Proportional Responses

Last week, Iran-backed terrorist organizations in Iraq fired rockets into an Iraqi military base that housed, among others, American and British soldiers, killing two American soldiers and one British soldier, a medic.

In response, we struck some of those terrorists’ operating locations.

The US strikes targeted five separate weapons storage facilities in Iraq associated with Kataib Hezbollah, a Shiite militia group operating in Iraq that US officials said has frequently targeted bases where American service members are based.
The strikes aimed to degrade the group’s ability to conduct future attacks against US and coalition forces….

And this:

The strikes were “defensive and proportional,” the Pentagon said….

On this, “the Pentagon” is dead wrong.

Tit-for-tat is not proportional; it just facilitates action-reaction cycles with mounting damage, casualties, collateral casualties, and collateral damage. This is demonstrated by a subsequent terrorist rocket attack on the same base Saturday, this one wounding three of our soldiers and two Iraqi soldiers.

A proportional response isn’t a tit-for-tat one, it doesn’t aim to degrade anything. It is an overwhelming one that destroys our enemy’s ability to act further in hostility. That is what stops the action-reaction cycle and holds down the totality of damage and casualties.

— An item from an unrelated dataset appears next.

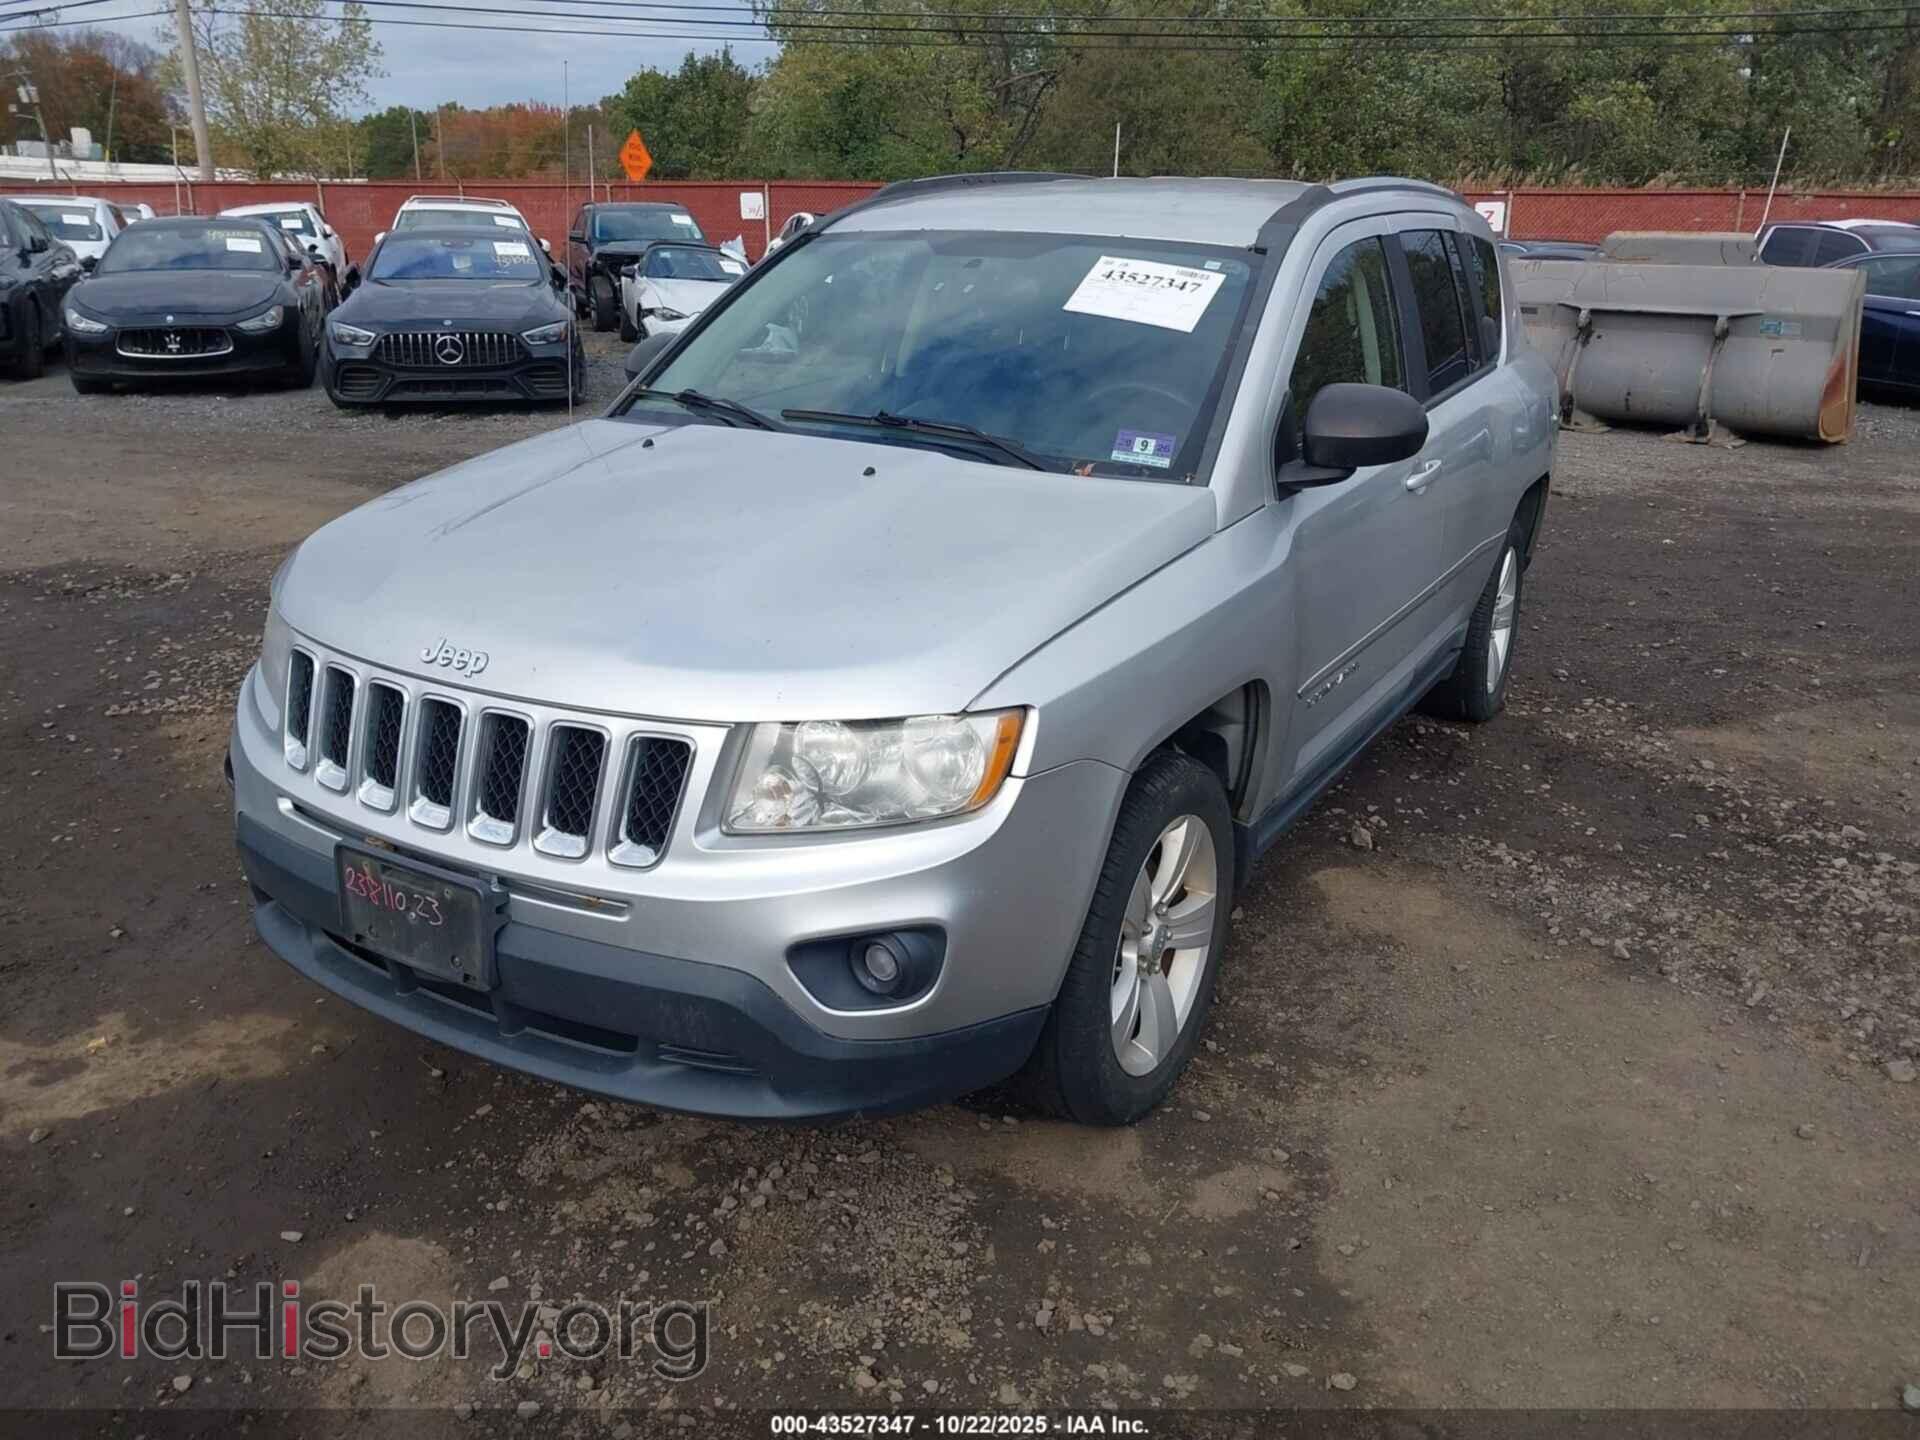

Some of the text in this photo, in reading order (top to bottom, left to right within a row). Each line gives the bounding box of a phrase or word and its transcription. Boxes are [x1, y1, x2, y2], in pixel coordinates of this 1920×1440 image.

[1101, 268, 1203, 294] 43527347
[1139, 439, 1149, 452] 9
[419, 637, 490, 679] Jeep

Proportionality must be considered against the overall, long-term situation, not against any single event.

Van Jones Has a Thought

Van Jones, ex-Special Advisor to President Barack Obama (D) and now a television commentator, has concerns for Progressive-Democratic Party Presidential candidate Bernie Sanders’ (I, VT) supporters now that his chief competitor, Joe Biden, appears to be pulling away.

“You have now an insurgency that’s about to be defeated. What do you do with the people that you defeat?” he asked.
Jones told a panel…that young and progressive Democratic voters had a “champion” in the increasingly defiant and intrepid Vermont Senator Bernie Sanders (I).
“You’ve got young people who are graduating with a quarter-million dollars in debt, you’ve got young people with a lot of pain, and they had a champion. And, they thought they were going to be able to surround the divided establishment with their movement, crush that divided establishment, and move forward[.]

He went on:

Now, what do you do? Last time Bernie Sanders got beaten, there was an assumption that all his people were going to fall in line and vote against Trump and there was not enough care for the concern and the pain of his base[.]

What do you do with the people that you defeat?  The cynic in me recalls earlier days with the victors would run around the battlefield killing all the defeated wounded who’d been unable to escape.

That’s not going to happen here.  Still, the question is a valid one.  Biden and his team have spent the campaign, when they weren’t smearing President Donald Trump and his supporters, trashing Sanders and his socialist ideology and revolutionary policies—and by extension, Sanders’ supporters, who agreed with him.

Having done that for so long, how, indeed, can Biden, et al., go back to those supporters and say, “King’s X, we didn’t mean it. C’mon guys?”  If he tries to draw them in, what compromise can he offer them that they can believe?

If Biden moves in Sanders’ supporters’ direction, how could his current supporters believe that Biden still holds to the policies he espoused when he was trashing those Sanders ideas?

It’s a broader concern, though, than merely an intraparty tiffle.  If Biden moves far enough toward Sanders’ supporters to draw them to him, how, in the general election, could any voter believe Biden holds to any position with any sincerity, that he’s not just mouthing the policy that’s currently politically expedient—to be tossed aside when the expedience changes?